Given records =
______________________________

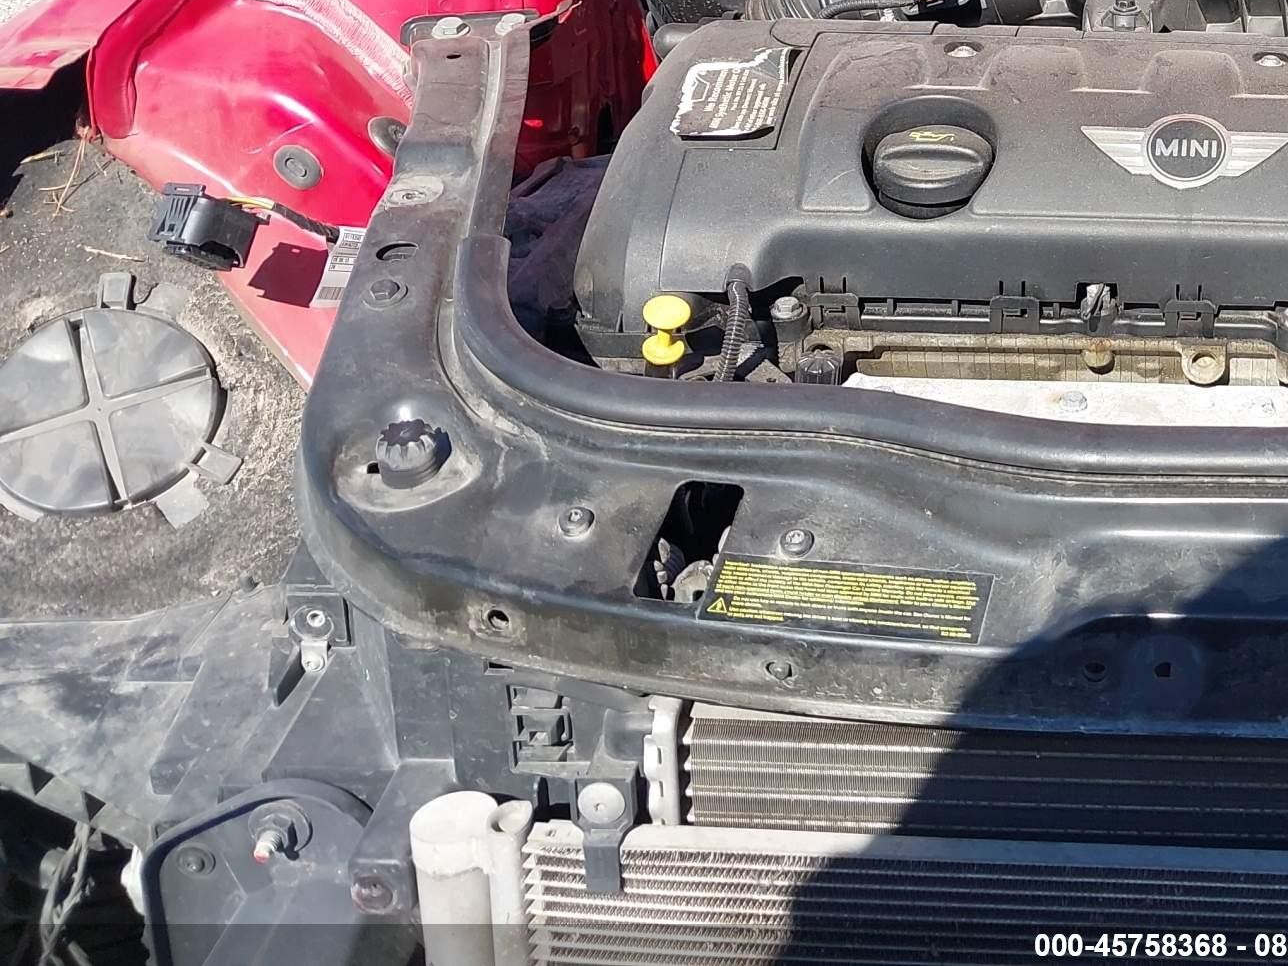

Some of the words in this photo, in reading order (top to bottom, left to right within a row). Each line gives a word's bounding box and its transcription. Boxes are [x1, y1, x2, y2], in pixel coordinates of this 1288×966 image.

[715, 91, 733, 118] Synthetic
[725, 74, 740, 92] Motor
[703, 101, 716, 112] We
[1155, 138, 1218, 158] MINI
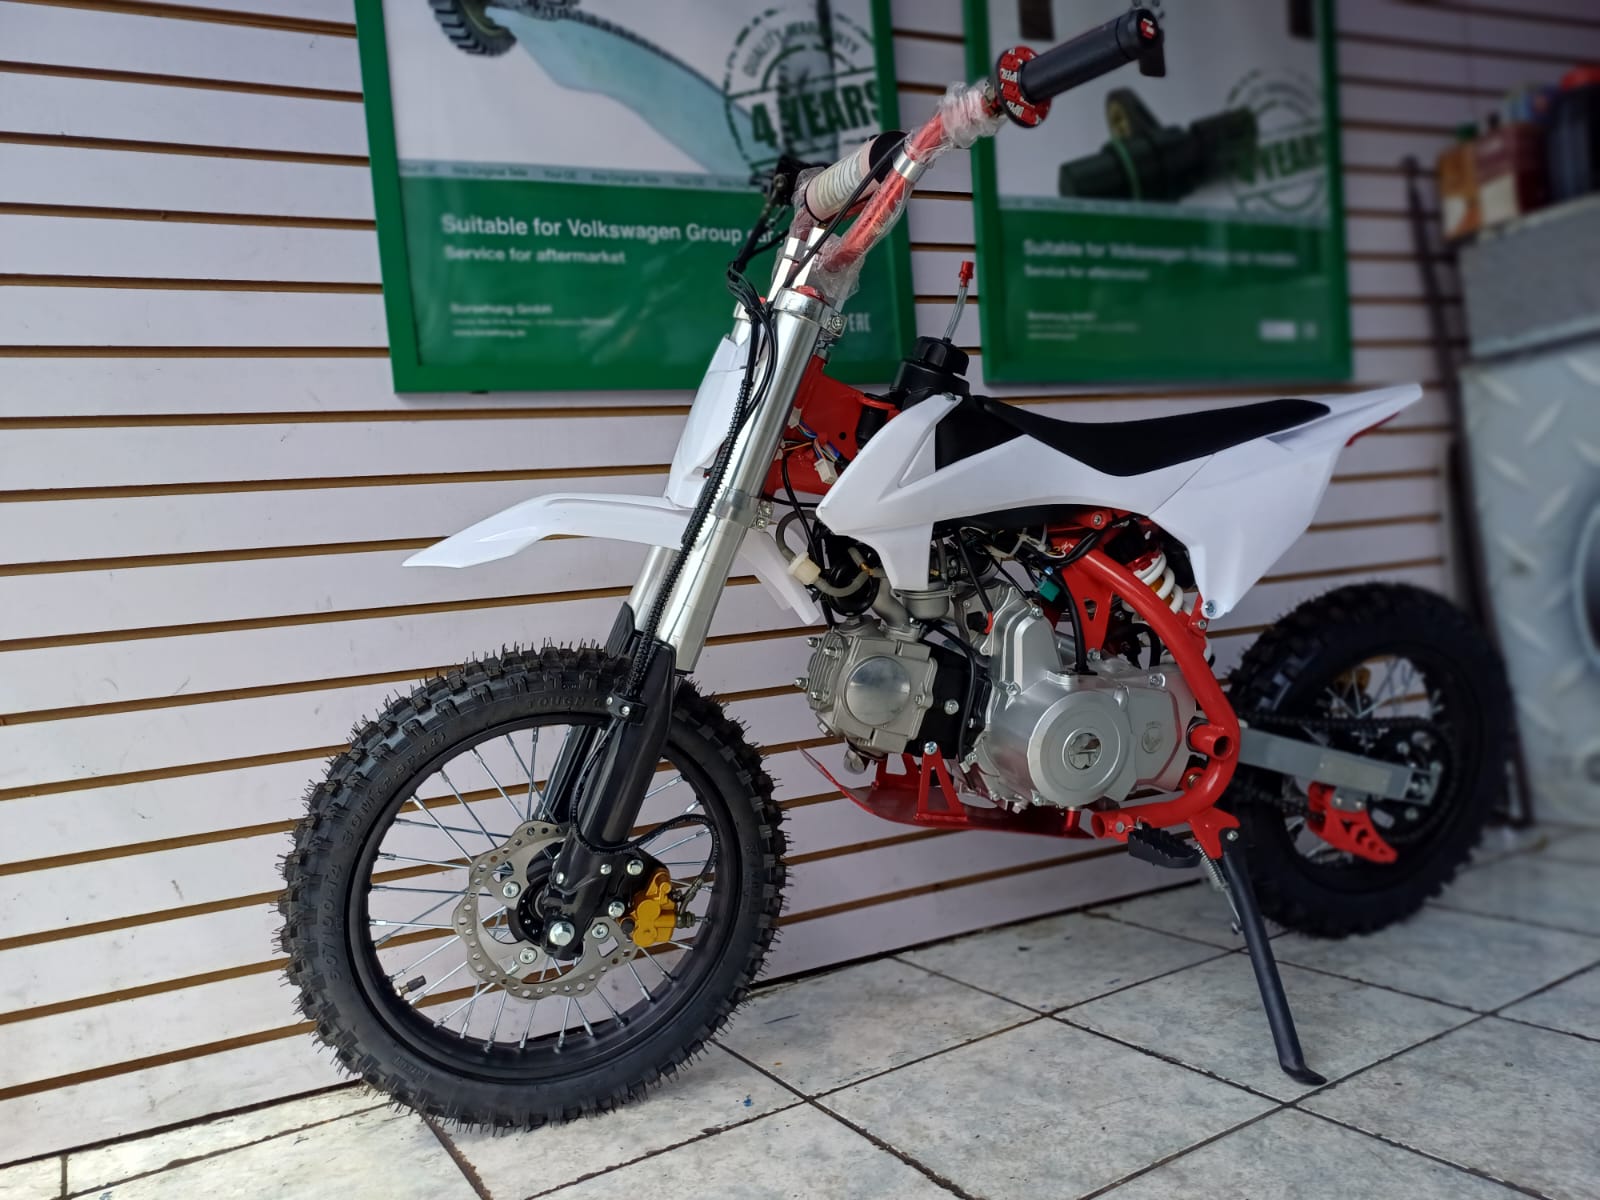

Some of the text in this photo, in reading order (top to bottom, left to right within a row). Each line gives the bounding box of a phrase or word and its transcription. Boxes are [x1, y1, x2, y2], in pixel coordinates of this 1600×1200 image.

[752, 102, 777, 148] 4
[441, 213, 529, 236] Suitable
[533, 218, 561, 237] for
[567, 219, 681, 245] Volkswagen
[685, 223, 743, 246] Group
[444, 245, 627, 265] Service for aftermarket

______________________________

Exercise = Retype exactly, please, only the lines of the entries that run from the one containing "Some of the text" to the last.

Solution to the exercise =
Some of the text in this photo, in reading order (top to bottom, left to right within a row). Each line gives the bounding box of a phrase or word and its transcription. Boxes are [x1, y1, x2, y2], in pixel coordinates of this 1600×1200 image.

[752, 102, 777, 148] 4
[441, 213, 529, 236] Suitable
[533, 218, 561, 237] for
[567, 219, 681, 245] Volkswagen
[685, 223, 743, 246] Group
[444, 245, 627, 265] Service for aftermarket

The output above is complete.